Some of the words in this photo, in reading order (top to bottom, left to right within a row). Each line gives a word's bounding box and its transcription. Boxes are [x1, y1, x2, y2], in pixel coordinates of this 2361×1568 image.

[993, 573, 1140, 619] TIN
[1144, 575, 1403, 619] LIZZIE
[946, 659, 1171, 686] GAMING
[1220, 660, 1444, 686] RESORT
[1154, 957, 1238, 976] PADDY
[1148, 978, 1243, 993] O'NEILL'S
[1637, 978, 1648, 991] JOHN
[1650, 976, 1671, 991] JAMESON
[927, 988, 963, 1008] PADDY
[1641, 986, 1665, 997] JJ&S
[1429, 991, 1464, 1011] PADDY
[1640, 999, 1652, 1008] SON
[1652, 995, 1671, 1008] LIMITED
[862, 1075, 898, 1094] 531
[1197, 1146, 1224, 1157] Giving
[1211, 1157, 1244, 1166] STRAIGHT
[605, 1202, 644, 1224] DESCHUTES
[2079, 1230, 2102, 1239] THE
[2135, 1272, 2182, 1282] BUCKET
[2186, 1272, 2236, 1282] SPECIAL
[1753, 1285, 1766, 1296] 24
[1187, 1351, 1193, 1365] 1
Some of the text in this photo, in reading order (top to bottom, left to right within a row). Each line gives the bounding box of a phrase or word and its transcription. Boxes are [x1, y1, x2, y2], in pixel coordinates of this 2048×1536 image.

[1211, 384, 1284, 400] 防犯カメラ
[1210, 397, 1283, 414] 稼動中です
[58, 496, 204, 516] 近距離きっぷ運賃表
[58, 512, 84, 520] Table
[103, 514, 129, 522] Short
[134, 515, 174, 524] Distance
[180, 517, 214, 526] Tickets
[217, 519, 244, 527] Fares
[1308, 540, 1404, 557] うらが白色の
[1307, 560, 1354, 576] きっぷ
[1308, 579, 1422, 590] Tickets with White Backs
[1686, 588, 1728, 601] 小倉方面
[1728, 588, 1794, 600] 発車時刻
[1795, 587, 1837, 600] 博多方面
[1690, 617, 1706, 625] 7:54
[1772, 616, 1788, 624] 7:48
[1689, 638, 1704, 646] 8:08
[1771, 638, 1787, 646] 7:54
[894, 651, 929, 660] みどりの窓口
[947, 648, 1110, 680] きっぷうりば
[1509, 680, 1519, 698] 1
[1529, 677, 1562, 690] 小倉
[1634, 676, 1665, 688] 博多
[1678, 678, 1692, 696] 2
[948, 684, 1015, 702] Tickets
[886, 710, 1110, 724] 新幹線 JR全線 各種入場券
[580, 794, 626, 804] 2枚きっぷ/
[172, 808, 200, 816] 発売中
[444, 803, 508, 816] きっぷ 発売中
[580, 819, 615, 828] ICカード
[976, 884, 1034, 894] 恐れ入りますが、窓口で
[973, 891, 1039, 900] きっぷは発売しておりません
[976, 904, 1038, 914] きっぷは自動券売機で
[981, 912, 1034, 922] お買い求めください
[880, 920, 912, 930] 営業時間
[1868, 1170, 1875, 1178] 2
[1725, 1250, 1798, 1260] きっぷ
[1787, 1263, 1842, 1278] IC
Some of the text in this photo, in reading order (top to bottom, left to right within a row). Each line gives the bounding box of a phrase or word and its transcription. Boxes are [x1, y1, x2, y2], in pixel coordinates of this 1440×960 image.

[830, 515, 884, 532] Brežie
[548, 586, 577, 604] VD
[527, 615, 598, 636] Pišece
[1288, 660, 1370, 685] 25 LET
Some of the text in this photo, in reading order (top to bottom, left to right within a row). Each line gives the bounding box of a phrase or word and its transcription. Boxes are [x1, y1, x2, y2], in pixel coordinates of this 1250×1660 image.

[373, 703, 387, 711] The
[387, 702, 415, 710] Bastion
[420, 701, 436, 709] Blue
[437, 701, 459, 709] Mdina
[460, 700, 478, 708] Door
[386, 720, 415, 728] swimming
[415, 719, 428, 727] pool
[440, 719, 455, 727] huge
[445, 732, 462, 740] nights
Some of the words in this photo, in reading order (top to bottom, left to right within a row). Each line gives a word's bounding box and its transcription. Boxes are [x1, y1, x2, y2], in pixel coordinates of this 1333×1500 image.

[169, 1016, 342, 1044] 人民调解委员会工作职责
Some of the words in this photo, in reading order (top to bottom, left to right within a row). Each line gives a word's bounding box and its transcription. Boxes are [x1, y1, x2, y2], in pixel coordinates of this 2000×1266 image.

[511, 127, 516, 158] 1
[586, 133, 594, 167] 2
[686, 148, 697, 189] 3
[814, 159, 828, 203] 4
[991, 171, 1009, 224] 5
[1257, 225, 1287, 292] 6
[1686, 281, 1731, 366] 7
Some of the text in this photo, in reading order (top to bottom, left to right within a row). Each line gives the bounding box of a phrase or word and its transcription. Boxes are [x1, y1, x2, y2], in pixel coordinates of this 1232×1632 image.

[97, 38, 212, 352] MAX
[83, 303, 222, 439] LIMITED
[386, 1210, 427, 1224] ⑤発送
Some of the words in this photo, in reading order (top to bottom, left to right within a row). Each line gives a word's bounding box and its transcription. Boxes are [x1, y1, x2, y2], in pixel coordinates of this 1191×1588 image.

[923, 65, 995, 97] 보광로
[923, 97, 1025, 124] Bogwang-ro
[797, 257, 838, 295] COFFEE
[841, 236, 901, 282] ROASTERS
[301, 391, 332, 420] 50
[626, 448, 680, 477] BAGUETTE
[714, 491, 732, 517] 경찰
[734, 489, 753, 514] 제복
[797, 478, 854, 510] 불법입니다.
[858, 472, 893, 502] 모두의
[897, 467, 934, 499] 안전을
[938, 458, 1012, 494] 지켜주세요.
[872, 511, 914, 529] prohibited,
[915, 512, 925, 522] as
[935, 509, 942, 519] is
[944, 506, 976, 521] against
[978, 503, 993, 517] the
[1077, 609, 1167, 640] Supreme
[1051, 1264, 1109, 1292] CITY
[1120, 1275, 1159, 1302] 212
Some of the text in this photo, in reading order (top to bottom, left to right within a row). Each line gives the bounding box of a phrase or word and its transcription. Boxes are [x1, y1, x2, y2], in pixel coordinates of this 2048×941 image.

- _What is being asked_
Please print the listing exactly, keeping each line as it is.

- _Result for this exercise_
Some of the words in this photo, in reading order (top to bottom, left to right within a row). Each line gives a word's bounding box and its transcription. Boxes are [x1, y1, x2, y2], in pixel coordinates of this 2361×1568 image.

[993, 573, 1140, 619] TIN
[1144, 575, 1403, 619] LIZZIE
[946, 659, 1171, 686] GAMING
[1220, 660, 1444, 686] RESORT
[1154, 957, 1238, 976] PADDY
[1148, 978, 1243, 993] O'NEILL'S
[1637, 978, 1648, 991] JOHN
[1650, 976, 1671, 991] JAMESON
[927, 988, 963, 1008] PADDY
[1641, 986, 1665, 997] JJ&S
[1429, 991, 1464, 1011] PADDY
[1640, 999, 1652, 1008] SON
[1652, 995, 1671, 1008] LIMITED
[862, 1075, 898, 1094] 531
[1197, 1146, 1224, 1157] Giving
[1211, 1157, 1244, 1166] STRAIGHT
[605, 1202, 644, 1224] DESCHUTES
[2079, 1230, 2102, 1239] THE
[2135, 1272, 2182, 1282] BUCKET
[2186, 1272, 2236, 1282] SPECIAL
[1753, 1285, 1766, 1296] 24
[1187, 1351, 1193, 1365] 1
Some of the text in this photo, in reading order (top to bottom, left to right within a row). Each line gives the bounding box of a phrase or word and its transcription. Boxes are [x1, y1, x2, y2], in pixel coordinates of this 2048×1536 image.

[1211, 384, 1284, 400] 防犯カメラ
[1210, 397, 1283, 414] 稼動中です
[58, 496, 204, 516] 近距離きっぷ運賃表
[58, 512, 84, 520] Table
[103, 514, 129, 522] Short
[134, 515, 174, 524] Distance
[180, 517, 214, 526] Tickets
[217, 519, 244, 527] Fares
[1308, 540, 1404, 557] うらが白色の
[1307, 560, 1354, 576] きっぷ
[1308, 579, 1422, 590] Tickets with White Backs
[1686, 588, 1728, 601] 小倉方面
[1728, 588, 1794, 600] 発車時刻
[1795, 587, 1837, 600] 博多方面
[1690, 617, 1706, 625] 7:54
[1772, 616, 1788, 624] 7:48
[1689, 638, 1704, 646] 8:08
[1771, 638, 1787, 646] 7:54
[894, 651, 929, 660] みどりの窓口
[947, 648, 1110, 680] きっぷうりば
[1509, 680, 1519, 698] 1
[1529, 677, 1562, 690] 小倉
[1634, 676, 1665, 688] 博多
[1678, 678, 1692, 696] 2
[948, 684, 1015, 702] Tickets
[886, 710, 1110, 724] 新幹線 JR全線 各種入場券
[580, 794, 626, 804] 2枚きっぷ/
[172, 808, 200, 816] 発売中
[444, 803, 508, 816] きっぷ 発売中
[580, 819, 615, 828] ICカード
[976, 884, 1034, 894] 恐れ入りますが、窓口で
[973, 891, 1039, 900] きっぷは発売しておりません
[976, 904, 1038, 914] きっぷは自動券売機で
[981, 912, 1034, 922] お買い求めください
[880, 920, 912, 930] 営業時間
[1868, 1170, 1875, 1178] 2
[1725, 1250, 1798, 1260] きっぷ
[1787, 1263, 1842, 1278] IC
Some of the text in this photo, in reading order (top to bottom, left to right within a row). Each line gives the bounding box of a phrase or word and its transcription. Boxes are [x1, y1, x2, y2], in pixel coordinates of this 1440×960 image.

[830, 515, 884, 532] Brežie
[548, 586, 577, 604] VD
[527, 615, 598, 636] Pišece
[1288, 660, 1370, 685] 25 LET
Some of the text in this photo, in reading order (top to bottom, left to right within a row). Each line gives the bounding box of a phrase or word and its transcription. Boxes are [x1, y1, x2, y2], in pixel coordinates of this 1250×1660 image.

[373, 703, 387, 711] The
[387, 702, 415, 710] Bastion
[420, 701, 436, 709] Blue
[437, 701, 459, 709] Mdina
[460, 700, 478, 708] Door
[386, 720, 415, 728] swimming
[415, 719, 428, 727] pool
[440, 719, 455, 727] huge
[445, 732, 462, 740] nights
Some of the words in this photo, in reading order (top to bottom, left to right within a row). Each line gives a word's bounding box and its transcription. Boxes are [x1, y1, x2, y2], in pixel coordinates of this 1333×1500 image.

[169, 1016, 342, 1044] 人民调解委员会工作职责
Some of the words in this photo, in reading order (top to bottom, left to right within a row). Each line gives a word's bounding box and its transcription. Boxes are [x1, y1, x2, y2], in pixel coordinates of this 2000×1266 image.

[511, 127, 516, 158] 1
[586, 133, 594, 167] 2
[686, 148, 697, 189] 3
[814, 159, 828, 203] 4
[991, 171, 1009, 224] 5
[1257, 225, 1287, 292] 6
[1686, 281, 1731, 366] 7
Some of the text in this photo, in reading order (top to bottom, left to right within a row). Each line gives the bounding box of a phrase or word and its transcription. Boxes are [x1, y1, x2, y2], in pixel coordinates of this 1232×1632 image.

[97, 38, 212, 352] MAX
[83, 303, 222, 439] LIMITED
[386, 1210, 427, 1224] ⑤発送
Some of the words in this photo, in reading order (top to bottom, left to right within a row). Each line gives a word's bounding box and its transcription. Boxes are [x1, y1, x2, y2], in pixel coordinates of this 1191×1588 image.

[923, 65, 995, 97] 보광로
[923, 97, 1025, 124] Bogwang-ro
[797, 257, 838, 295] COFFEE
[841, 236, 901, 282] ROASTERS
[301, 391, 332, 420] 50
[626, 448, 680, 477] BAGUETTE
[714, 491, 732, 517] 경찰
[734, 489, 753, 514] 제복
[797, 478, 854, 510] 불법입니다.
[858, 472, 893, 502] 모두의
[897, 467, 934, 499] 안전을
[938, 458, 1012, 494] 지켜주세요.
[872, 511, 914, 529] prohibited,
[915, 512, 925, 522] as
[935, 509, 942, 519] is
[944, 506, 976, 521] against
[978, 503, 993, 517] the
[1077, 609, 1167, 640] Supreme
[1051, 1264, 1109, 1292] CITY
[1120, 1275, 1159, 1302] 212
Some of the text in this photo, in reading order (top to bottom, left to right within a row). Each line gives the bounding box of a phrase or word and its transcription. Boxes are [x1, y1, x2, y2], in pixel coordinates of this 2048×941 image.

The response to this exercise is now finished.